As 2021 progressed, buying patterns in the commodity market began to change as inflation pressure rose higher.

“Interesting to see that as we closed out 2020 with the Phase One trade deal, high hopes, high expectations, went in the 2021 where the weather took the reign and demand increased, and the inflationary pressures due to the supply side increased demand for the end-users and the commercials to not use that just in time inventory mindset that we've had the past 20 or 30 years, but instead, buy ahead, and as they say now just in case type of inventory management where you buy extra and you hoard, whether you're an end-user or whether you're a consumer, so I think that's the major theme. And as we go into 2022 It seems to be the same path and the same trend.”

Zuzolo noted a lot of the factors pushing the markets higher will likely remain into 2022.

“The cost-push, the weather, the supply; those are going to be the major features that are going to allow prices to go higher if they're going to go higher in 2022. And demand pressures will increase, whether it's trade policy issues, whether it's geopolitical issues, or whether it's just any demand-related issues like COVID or something like that.”

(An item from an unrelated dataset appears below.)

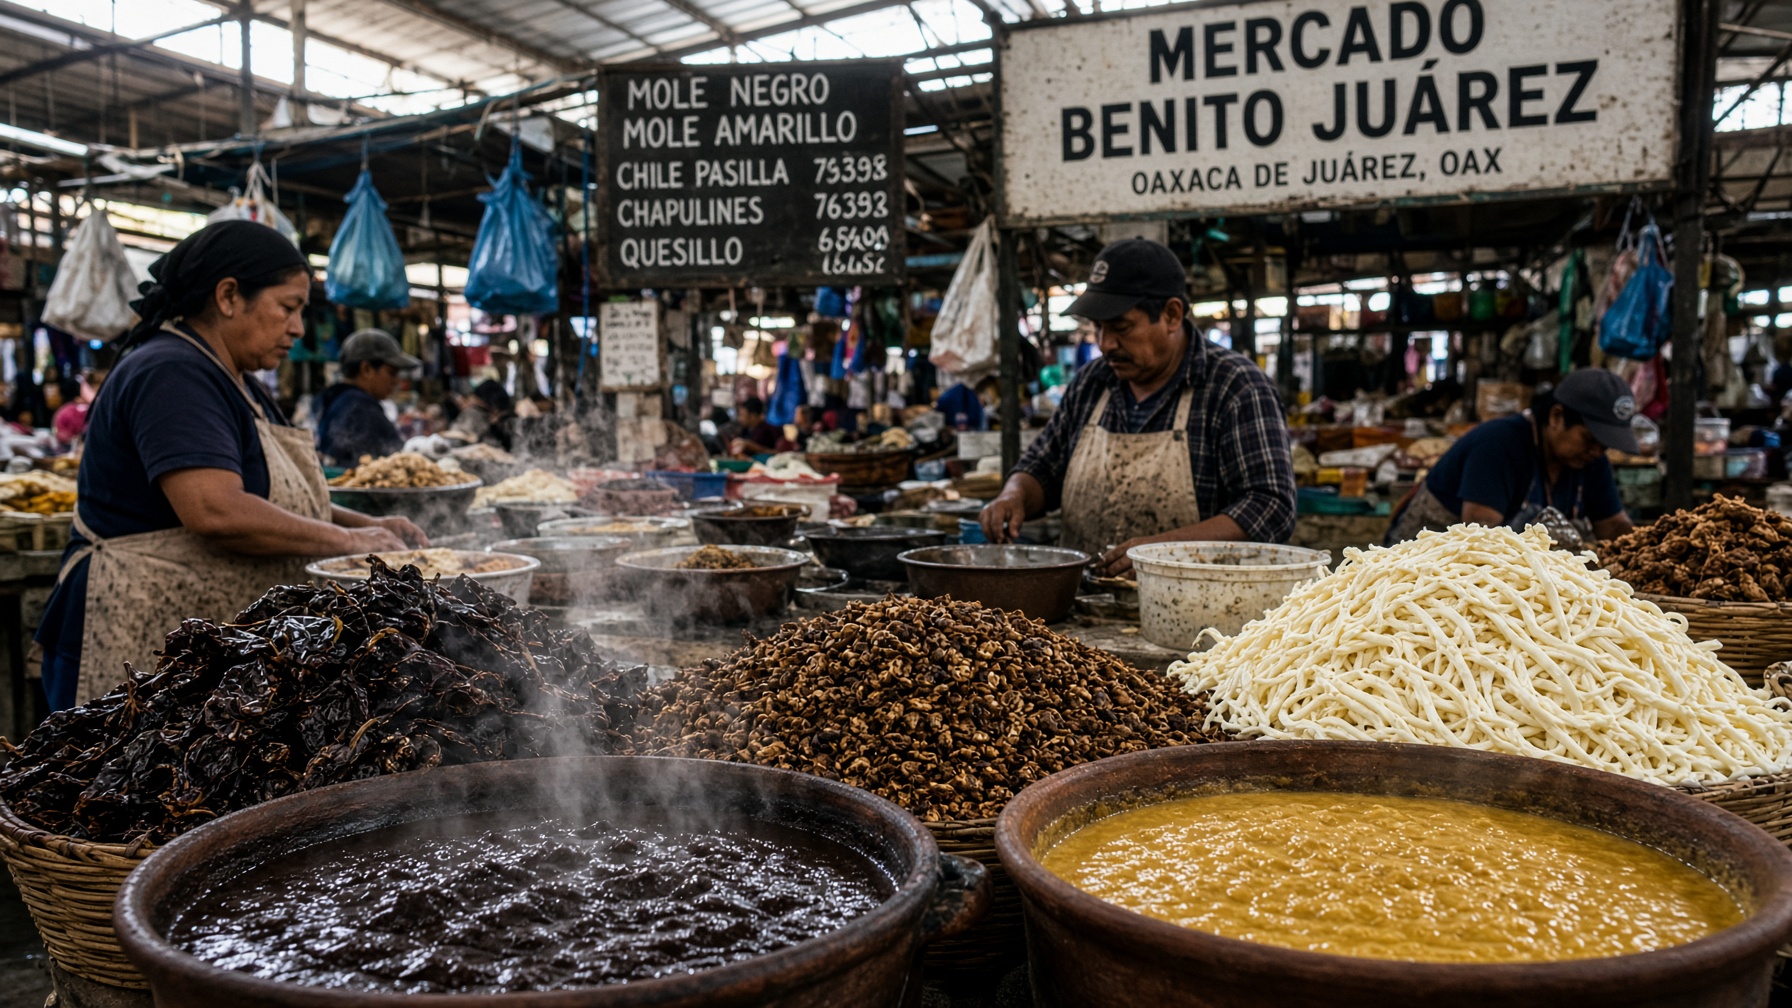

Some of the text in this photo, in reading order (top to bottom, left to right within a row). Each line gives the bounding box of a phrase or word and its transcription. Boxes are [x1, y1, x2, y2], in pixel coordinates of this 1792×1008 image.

He added the wheat market was the biggest surprise when it came to trade over the past year.

“I don't include myself in that. I've always felt as the wheat needed to lead the grain markets, and that wheat was the best reflection and gauge to investor sentiment and real food demand sentiment, and supply-demand sentiment. So historically, what tends to lead the grains, and so I think the wheat did a much better job. 2021 became a year of the search for protein, and that's where the spring wheat and the High-Pro wheat shined a big light on everything. Minneapolis spring wheat was a clear leader in all of this.”

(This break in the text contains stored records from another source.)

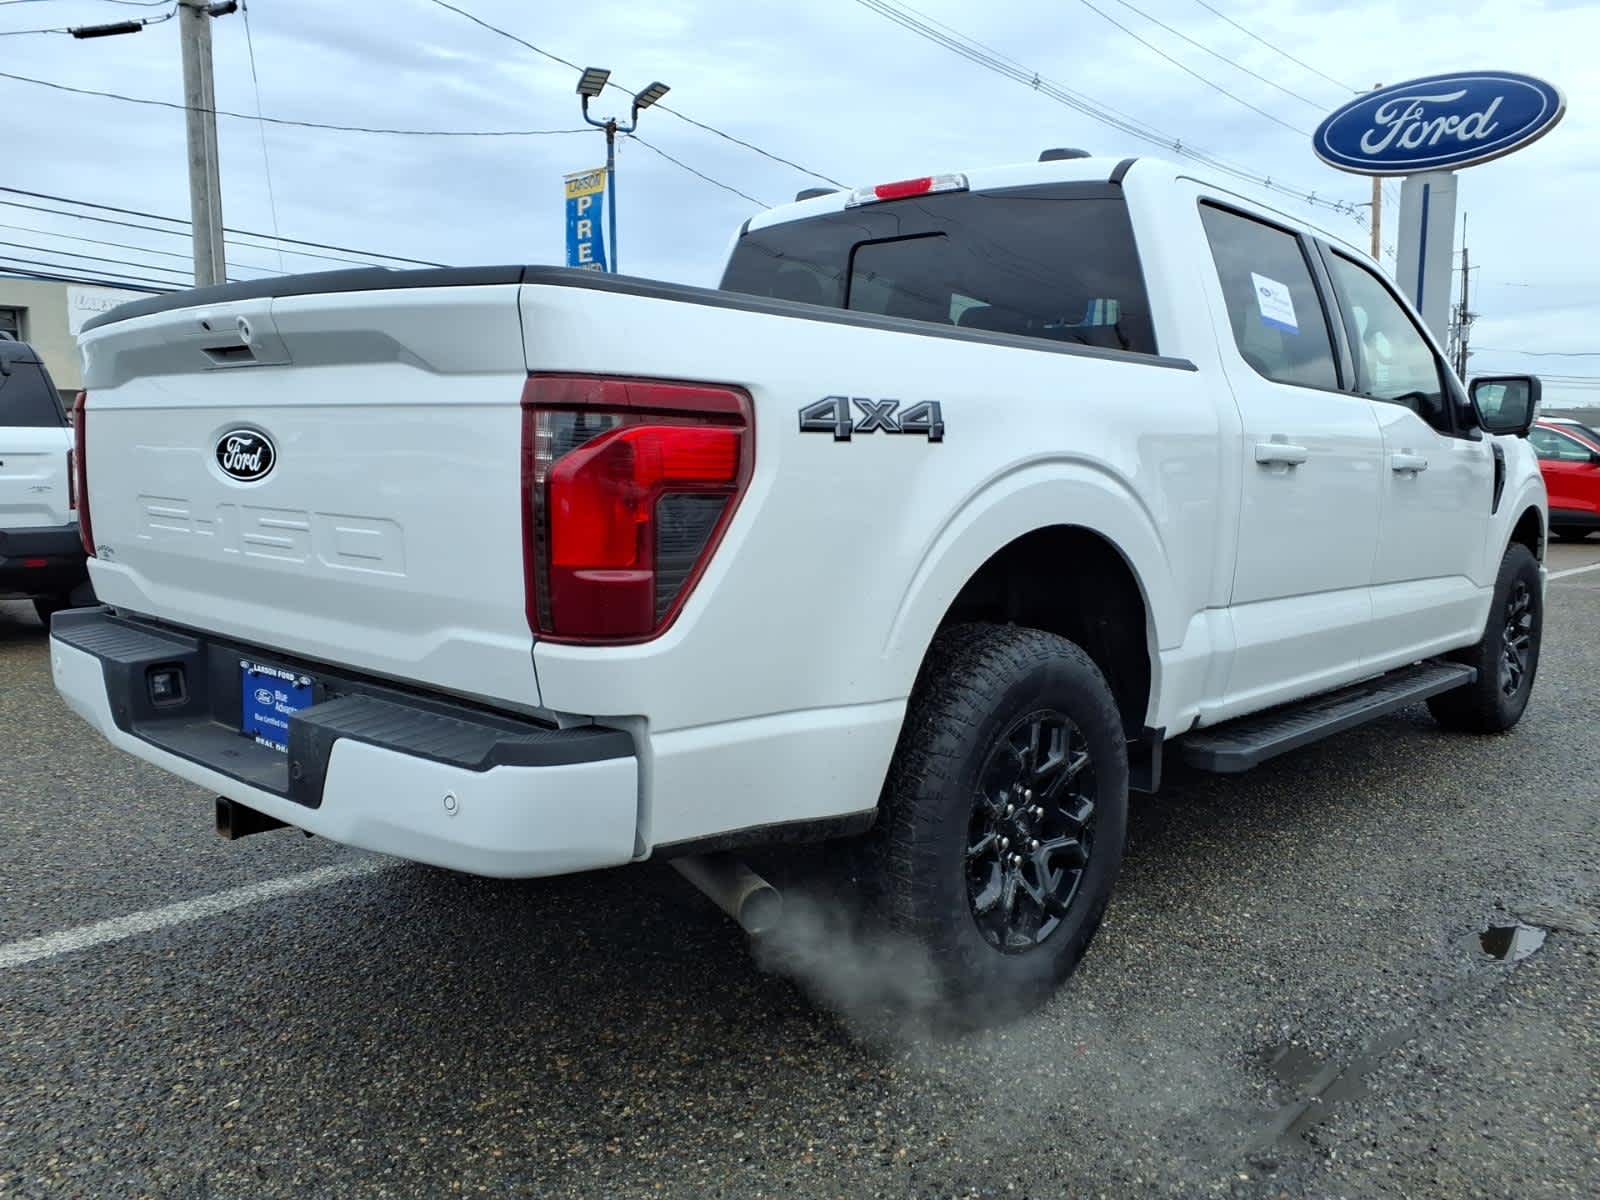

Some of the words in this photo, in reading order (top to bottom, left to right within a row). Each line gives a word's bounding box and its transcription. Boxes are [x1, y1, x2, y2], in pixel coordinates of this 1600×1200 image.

[1360, 89, 1505, 155] Ford
[223, 436, 262, 471] Ford
[136, 494, 406, 577] F-150
[254, 664, 276, 677] LARSON
[278, 670, 294, 681] FORD
[275, 690, 288, 703] Blue

Looking ahead, he says the flattening demand we saw at the end of 2021 will continue at least during the first part of 2022.

“Producers are being incentivized and well-compensated for pushing the envelope on increasing supply. We see that in Argentine wheat, we see that in Australian wheat, we are seeing the battle line drawn now between increased demand and buying extra, as I talked about earlier, with new crop supplies getting ready to come on in the March-April timeframe. As those new supplies come online, my biggest question is do the end-users and does the demand side move back to adjusted time inventory mindset, feeling more comfortable about the supplies, and I think that's something we need to bake into as a hedger, as a price taker, and producer, we need to bake that into our 2022 marketing plan.”

Zuzolo added any trade issues will be more front-and-center early in the New Year.